* [The task] When you copy the data that follows, reproduce every word exactly and leave out the images.

[The data]

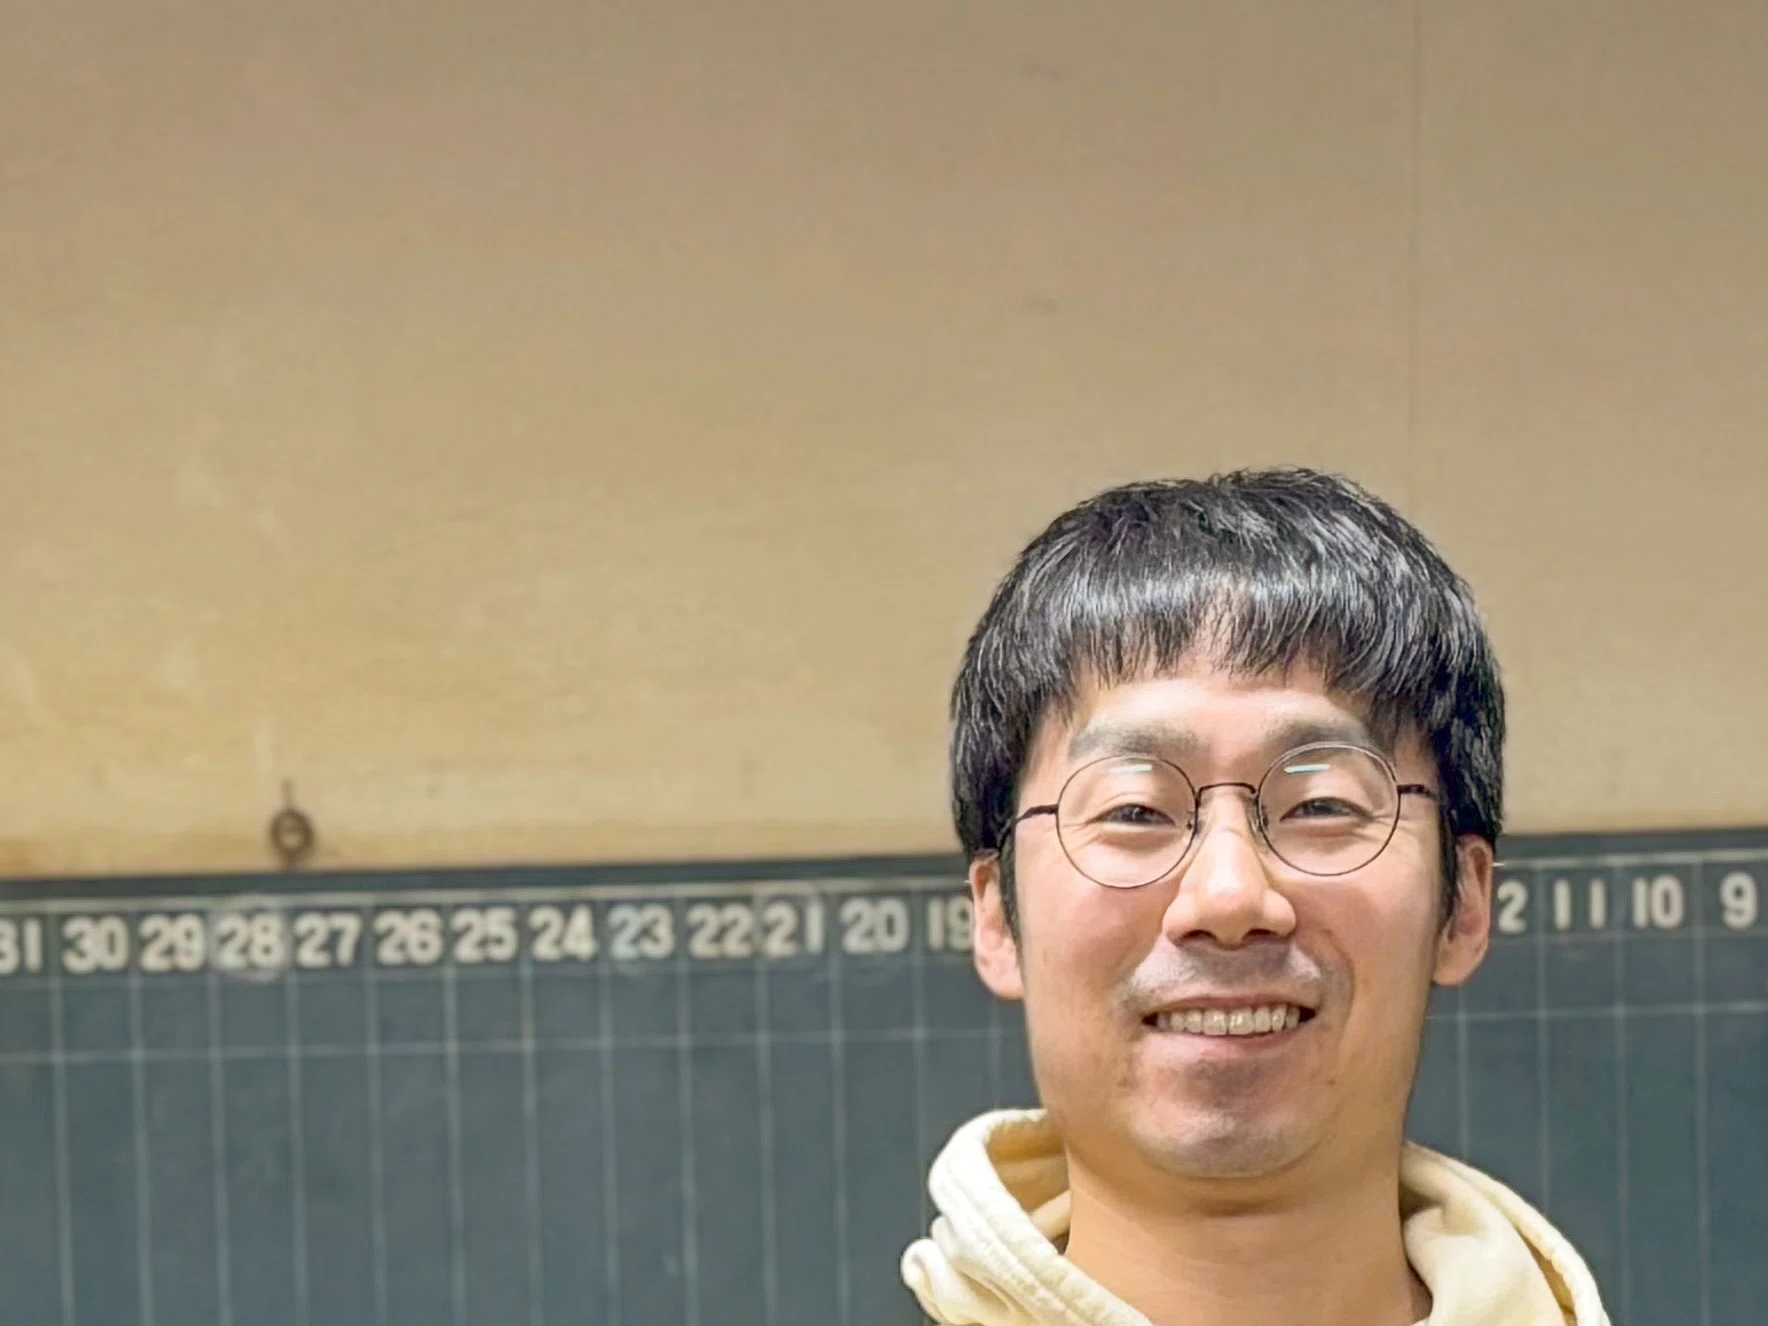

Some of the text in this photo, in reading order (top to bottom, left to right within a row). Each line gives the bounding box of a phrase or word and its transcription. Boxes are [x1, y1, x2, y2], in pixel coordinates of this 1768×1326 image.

[63, 915, 129, 973] 30
[139, 914, 207, 971] 29
[216, 913, 284, 969] 28
[293, 912, 362, 967] 27
[374, 909, 444, 964] 26
[451, 907, 519, 962] 25
[529, 906, 598, 961] 24
[609, 904, 675, 960] 23
[687, 903, 754, 959] 22
[762, 901, 824, 958] 21
[839, 898, 909, 953] 20
[928, 895, 974, 950] 19
[1496, 879, 1528, 934] 2
[1553, 879, 1606, 930] 11
[1632, 874, 1684, 929] 10
[1720, 871, 1758, 930] 9

[/The data]

* [Exercise result]
Some of the text in this photo, in reading order (top to bottom, left to right within a row). Each line gives the bounding box of a phrase or word and its transcription. Boxes are [x1, y1, x2, y2], in pixel coordinates of this 1768×1326 image.

[63, 915, 129, 973] 30
[139, 914, 207, 971] 29
[216, 913, 284, 969] 28
[293, 912, 362, 967] 27
[374, 909, 444, 964] 26
[451, 907, 519, 962] 25
[529, 906, 598, 961] 24
[609, 904, 675, 960] 23
[687, 903, 754, 959] 22
[762, 901, 824, 958] 21
[839, 898, 909, 953] 20
[928, 895, 974, 950] 19
[1496, 879, 1528, 934] 2
[1553, 879, 1606, 930] 11
[1632, 874, 1684, 929] 10
[1720, 871, 1758, 930] 9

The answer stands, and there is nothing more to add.